_Data for review_.
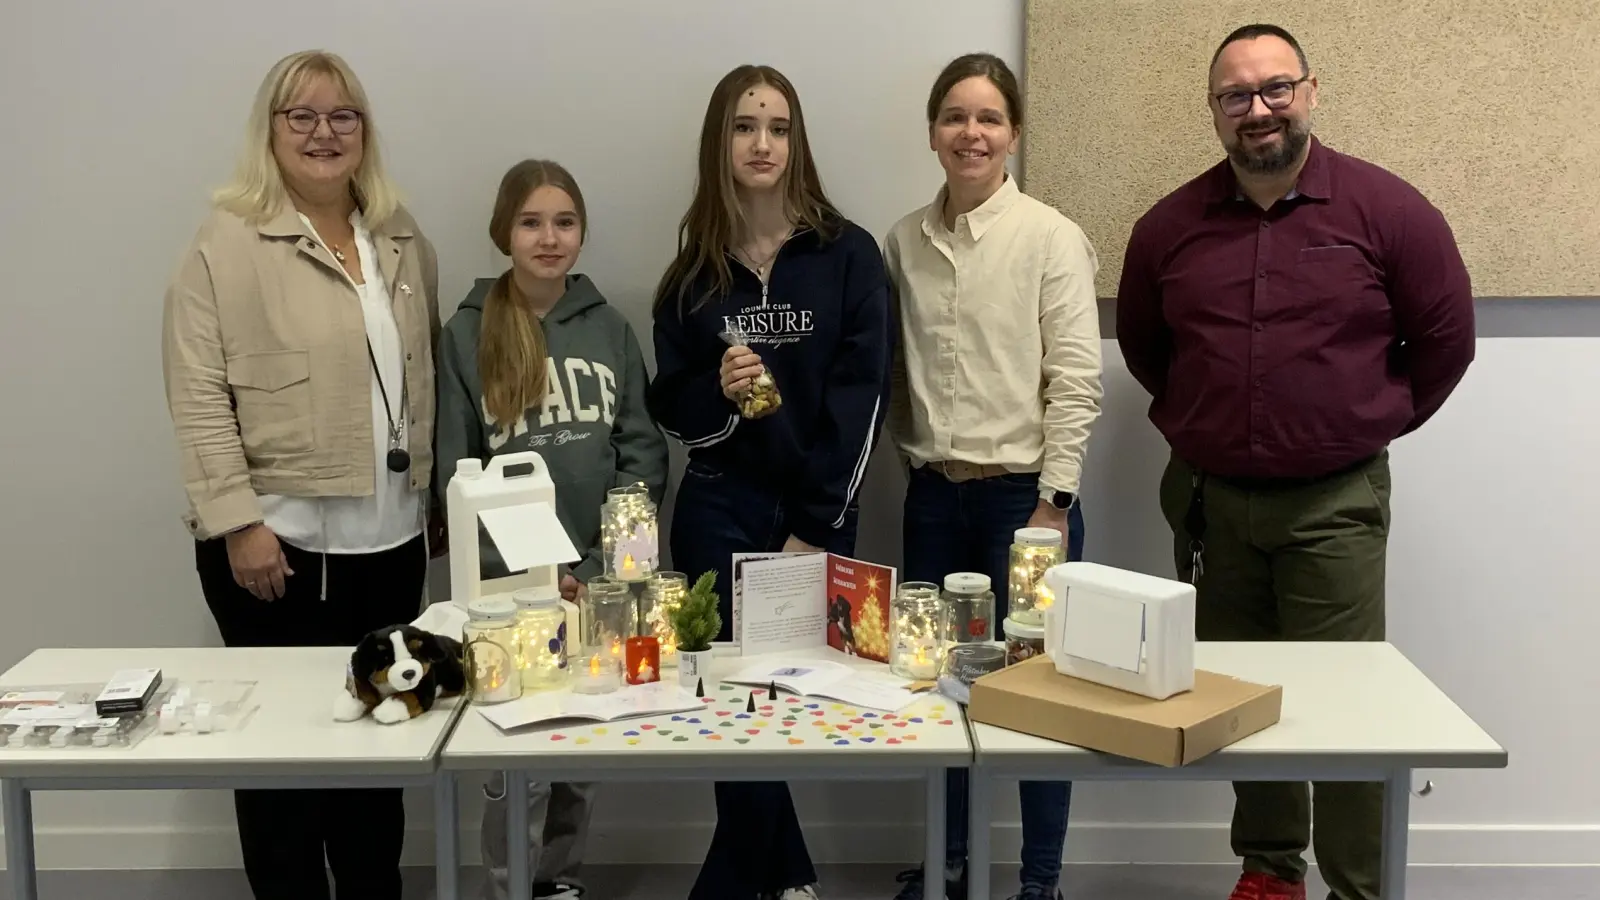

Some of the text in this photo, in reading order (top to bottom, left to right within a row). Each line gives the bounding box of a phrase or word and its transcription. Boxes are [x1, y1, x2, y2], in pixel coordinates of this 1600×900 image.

[722, 311, 814, 333] LEISURE
[768, 335, 800, 349] elegance
[481, 356, 617, 451] ACE
[528, 429, 592, 446] To Grow
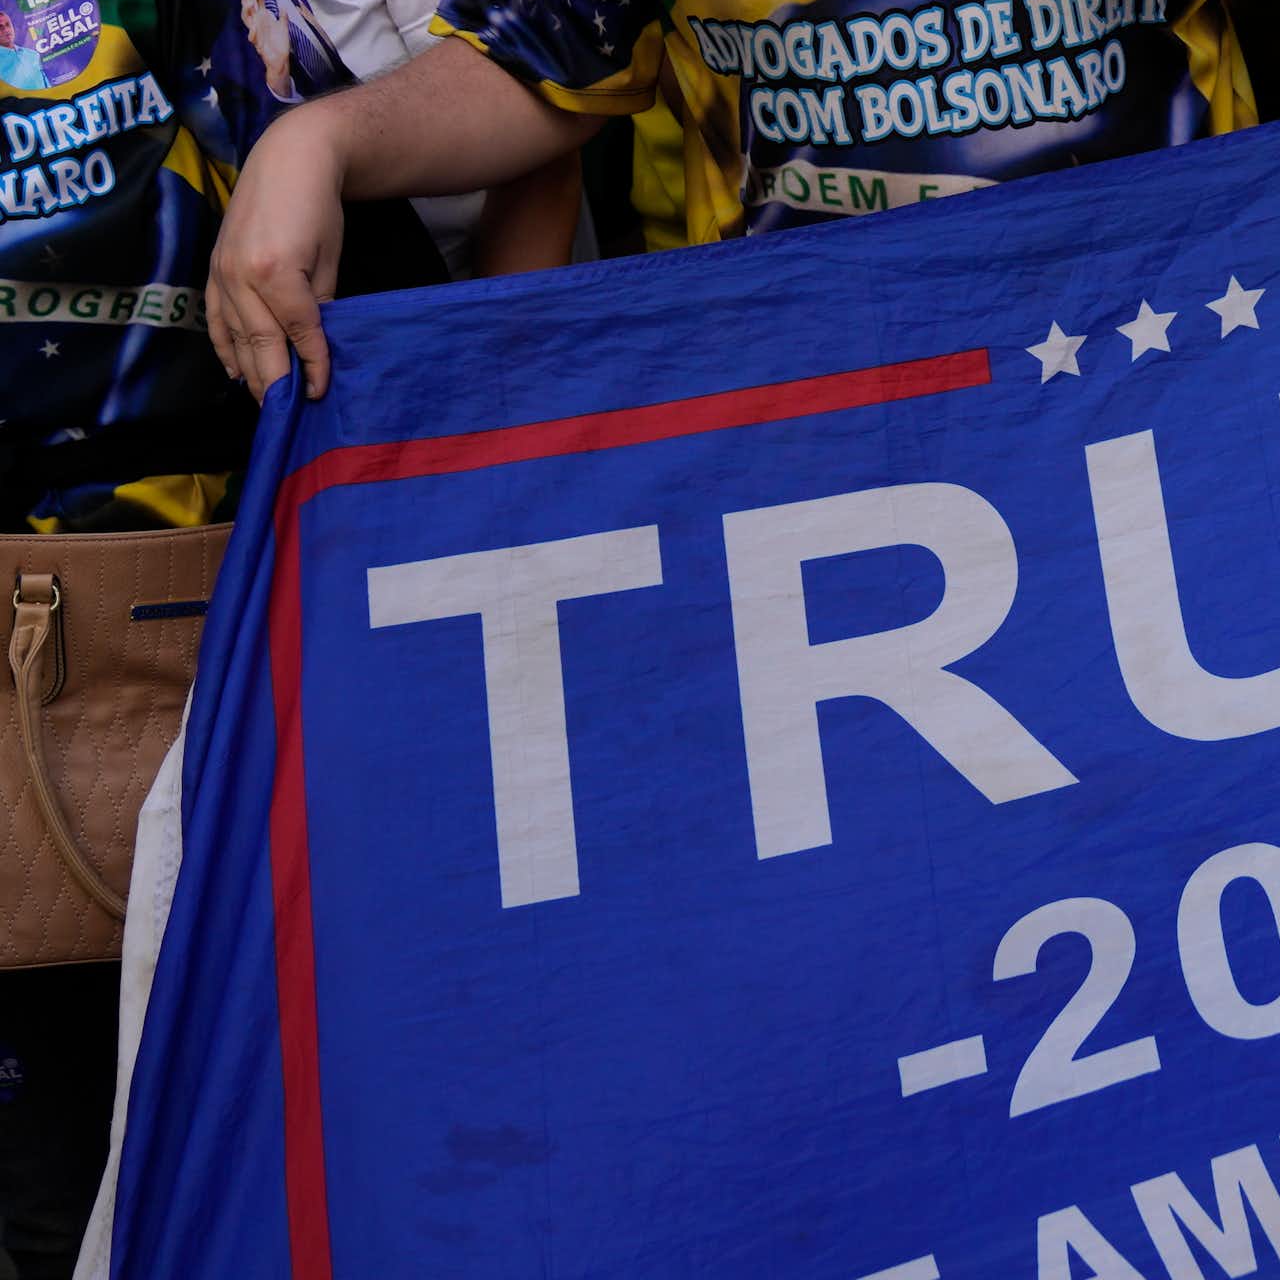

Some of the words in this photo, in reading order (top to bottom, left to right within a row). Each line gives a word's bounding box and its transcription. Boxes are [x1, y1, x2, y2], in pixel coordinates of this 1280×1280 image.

[35, 16, 99, 53] CASAL
[697, 8, 949, 82] ADVOGADOS
[2, 71, 175, 162] DIREITA
[751, 85, 852, 144] COM
[856, 40, 1127, 142] BOLSONARO

_Aim of the exercise_. An exact reproduction of the material above is needed, without its pictures.

_Answer space_.
Some of the text in this photo, in reading order (top to bottom, left to right within a row). Each line gives the bounding box of a phrase or word and its transcription. Boxes are [x1, y1, x2, y2], in pixel coordinates of this 1600×900 image.

[722, 311, 814, 333] LEISURE
[768, 335, 800, 349] elegance
[481, 356, 617, 451] ACE
[528, 429, 592, 446] To Grow

Some of the words in this photo, in reading order (top to bottom, left to right within a row). Each line gives a word's bounding box and its transcription. Boxes are [x1, y1, x2, y2], in pixel coordinates of this 1280×1280 image.

[35, 16, 99, 53] CASAL
[697, 8, 949, 82] ADVOGADOS
[2, 71, 175, 162] DIREITA
[751, 85, 852, 144] COM
[856, 40, 1127, 142] BOLSONARO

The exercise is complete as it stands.